Patients shifted after doctor’s desperate plea

2:42AM Dec 26, 2014

Critical patients treated in pitch black after Kuala Krai hospital ran out fuel to power generators last night were finally evacuated from the flood-hit area.

Doctors posted desperate pleas for help after forced to intubate an infant in darkness and tearfully watching rescue helicopters leave after failing to land.

“Latest update. Alhamdulillah, helicopter assistance has arrived to take the victims in hospitals especially babies to shelter,” Health Ministry director-general Dr Noor Hisham said in a Facebook posting at 10.20pm Thursday.

The army evacuated adult and paediatric patients to Hospital Universiti Sains Malaysia (HUSM), which is about 20 minutes away via helicopter, he said, while diesel supply was replenished.

“All settled diesel delivered, generator filled, functioning and power supply back to normal. Supplies delivered and Hospital Kuala Krai is in safe zone (as it is on) high ground.

“One adult critically-ill patient and two neonates were transferred successfully to HUSM and live another day. (Rescue workers) to continue patient evacuation tomorrow,” he said.

In a video shared by Noor Hisham, Hospital Kuala Krai staff said patients are hungry and thirsty as there is shortage of drinking water.

“We hope help will arrive soon…Our focus is to save lives, the rest we leave to God,” the staff member said.

Call for help with evacuation was also made by Hospital Kota Bharu, with the capital city paralysed after the Sungai Kelantan broke its banks yesterday.

“Hospital Kota Bharu needs four wheel drive vehicles to help move patients and vital equipment from Hospital Kota Bharu to HUSM on an urgent basis.

“Those with four wheel drive vehicles are urged to contact me urgently,” a message posted by the administrator of PAS vice president Husam Musa’s official Facebook page reads.

Hospital Raja Perempuan Zainab II is filling up with flood water, pictures shared by Noor Hisham Thursday afternoon showed.

All hospitals in unaffected states are ordered to prepare for evacuated patients, with priority given to the ventilated and critically-ill.

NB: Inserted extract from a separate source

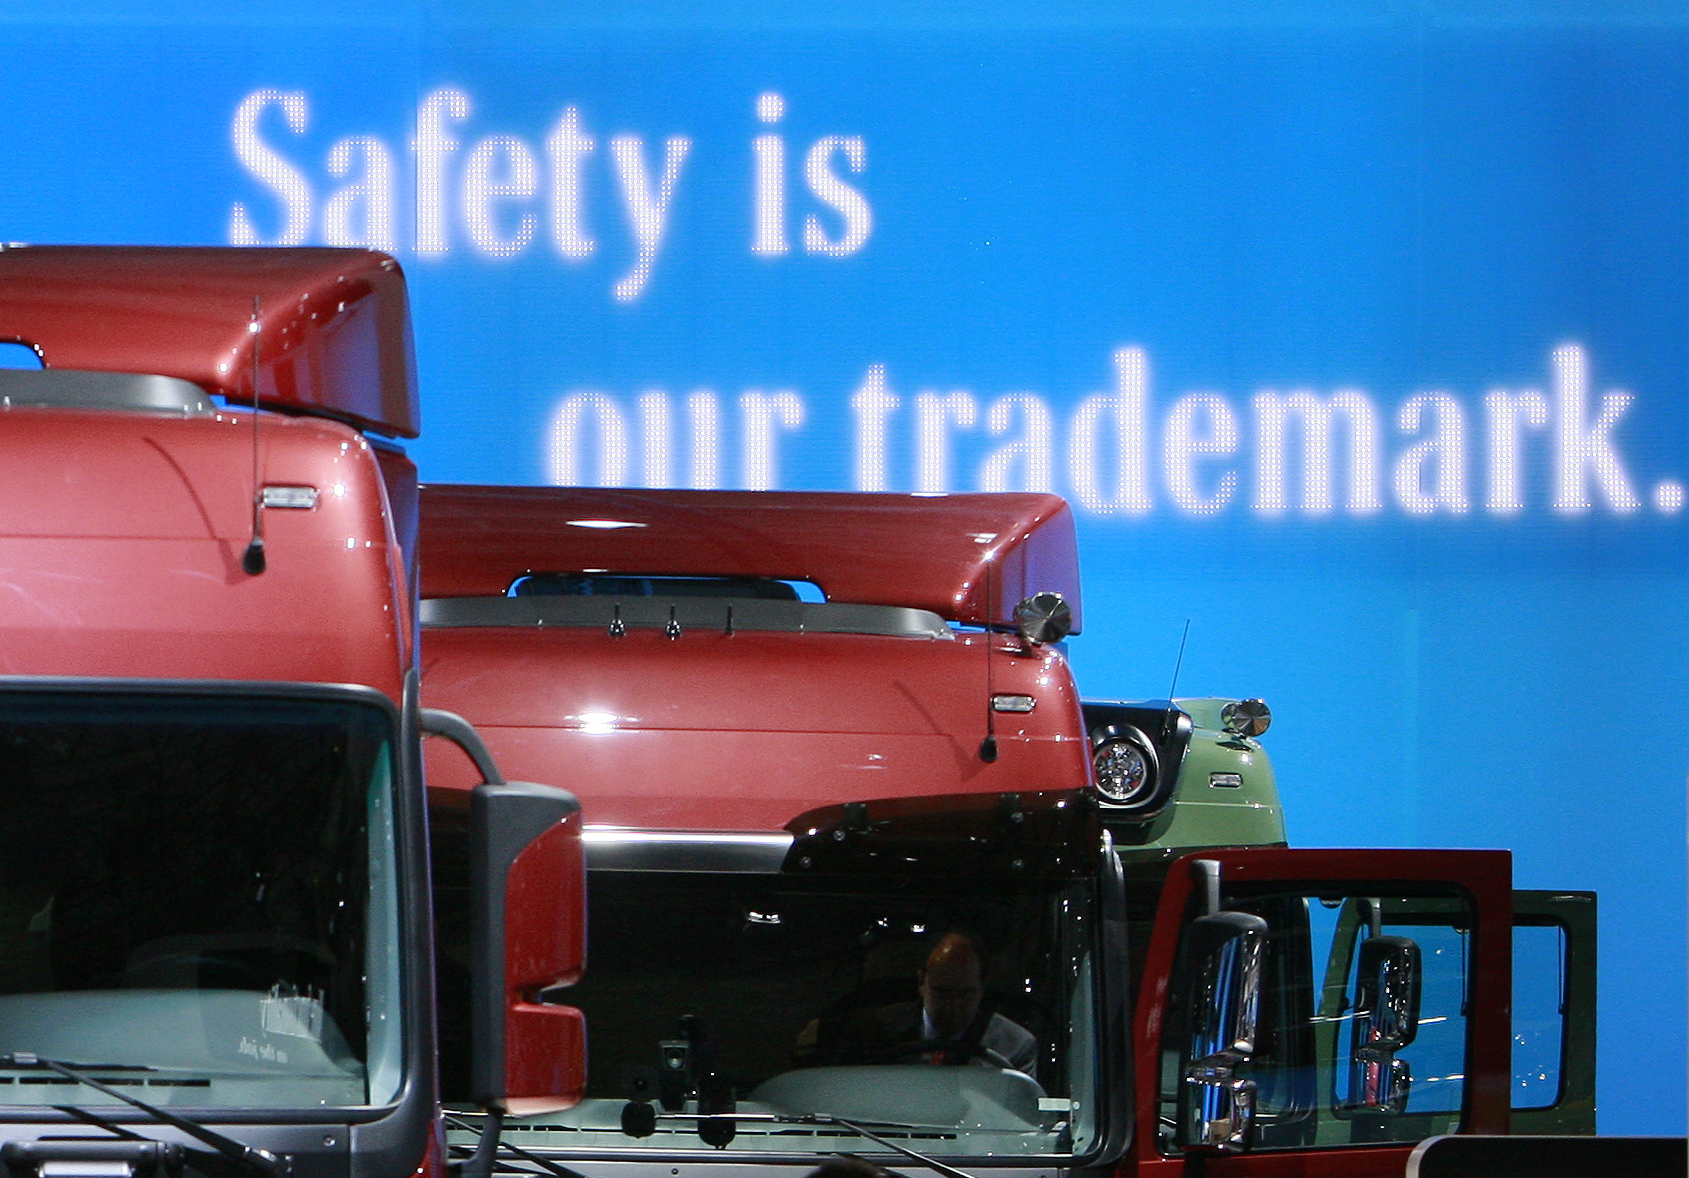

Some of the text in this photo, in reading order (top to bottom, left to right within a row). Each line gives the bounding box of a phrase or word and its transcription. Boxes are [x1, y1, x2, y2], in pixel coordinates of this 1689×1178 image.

[229, 88, 872, 302] Safety is
[547, 345, 1686, 514] our trademark.

“We expect severe damage to Health Ministry assets like hospitals, clinics and rural clinics. Repairs will cost a lot of money and time.

“We thank the Health Ministry team for their dedication and sacrifice in performing their duties wherever they may be.”

Shame on you, Malaysia

Dr Noor Hisham also shared Hospital Kuala Krai’s Dr Adibah Abdullah’s harrowing account of counting down hours left of battery supply on patients’ ventilators.

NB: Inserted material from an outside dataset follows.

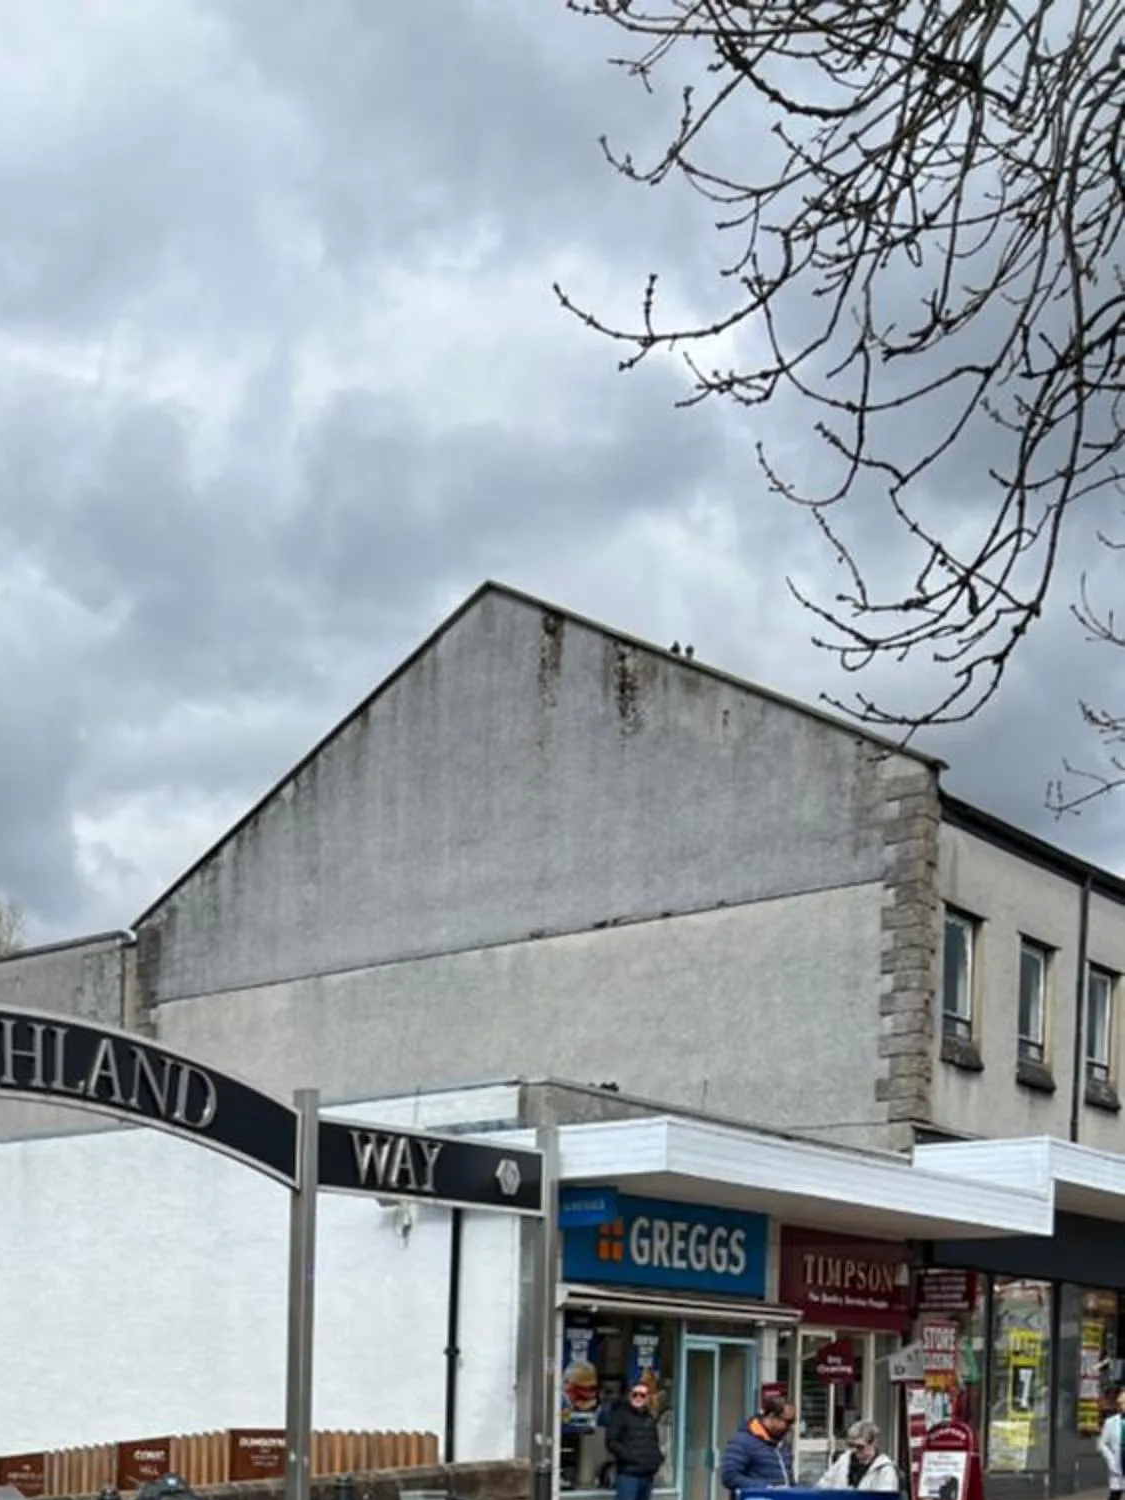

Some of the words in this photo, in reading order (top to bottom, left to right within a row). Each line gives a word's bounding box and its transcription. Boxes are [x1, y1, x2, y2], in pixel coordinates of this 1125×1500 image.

[348, 1130, 443, 1193] WAY
[630, 1216, 747, 1276] GREGGS
[804, 1253, 894, 1293] TIMPSON

“We had to intubate a baby in the dark…Intensive Care Unit and Critical Care Unit patients are breathing on battery-powered battery supply.

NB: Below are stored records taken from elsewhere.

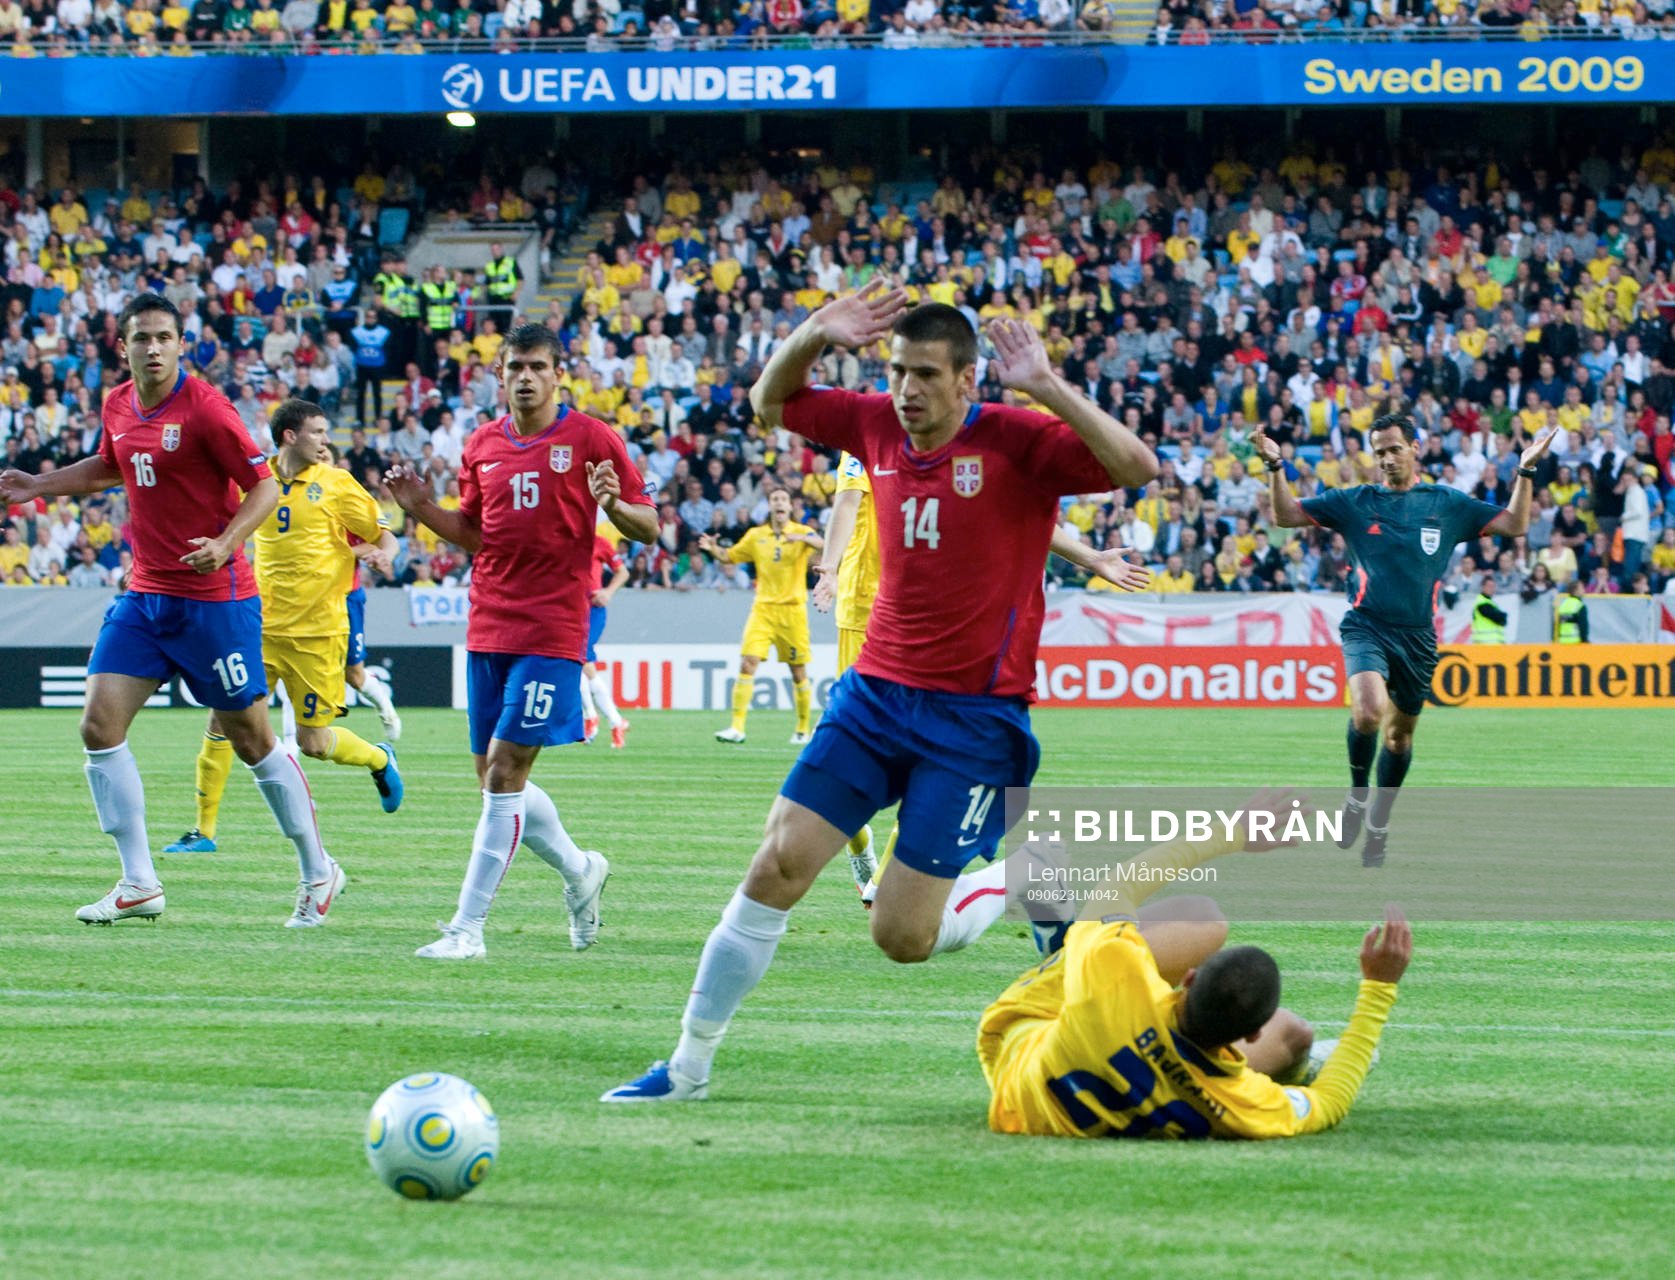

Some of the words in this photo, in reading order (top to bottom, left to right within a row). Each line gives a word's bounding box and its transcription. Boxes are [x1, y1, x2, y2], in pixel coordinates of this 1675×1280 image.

[499, 68, 616, 102] UEFA
[627, 65, 836, 101] UNDER21
[1304, 58, 1502, 94] Sweden
[1517, 56, 1644, 92] 2009
[130, 452, 158, 488] 16
[508, 471, 540, 511] 15
[277, 506, 291, 533] 9
[900, 496, 941, 550] 14
[773, 546, 782, 562] 3
[415, 594, 472, 617] TOI
[212, 652, 249, 691] 16
[788, 646, 798, 661] 3
[523, 680, 556, 720] 15
[595, 660, 673, 709] UI
[303, 693, 317, 719] 9
[960, 784, 998, 835] 14

“If power is not restored, we will take turns to manually pump air, but for how long?” she wrote.

Patients and staff prepared to evacuate twice and tearfully signalled rescue helicopters in the afternoon, she said, only to have hopes dashed because the choppers could not land safely.

“They said the roofs would detach if the helicopter came closer. The only way to rescue patients is by hoisting them up, airlift them – like in the movies, from the boats, or from a clearing very near the water edge.

“We’re talking about ill patients here, those breathing through machines, newborn babies, old people with broken bones.

“They left. They departed and left us wondering. We were clueless,” she wrote.

The only help that managed to reach the hospital at the time was an army doctor, she said.

“I don’t know what to do. I heard that this morning television news showed a wedding held in the floods.

“Shame on you, Malaysia. Shame on you. We are waiting.”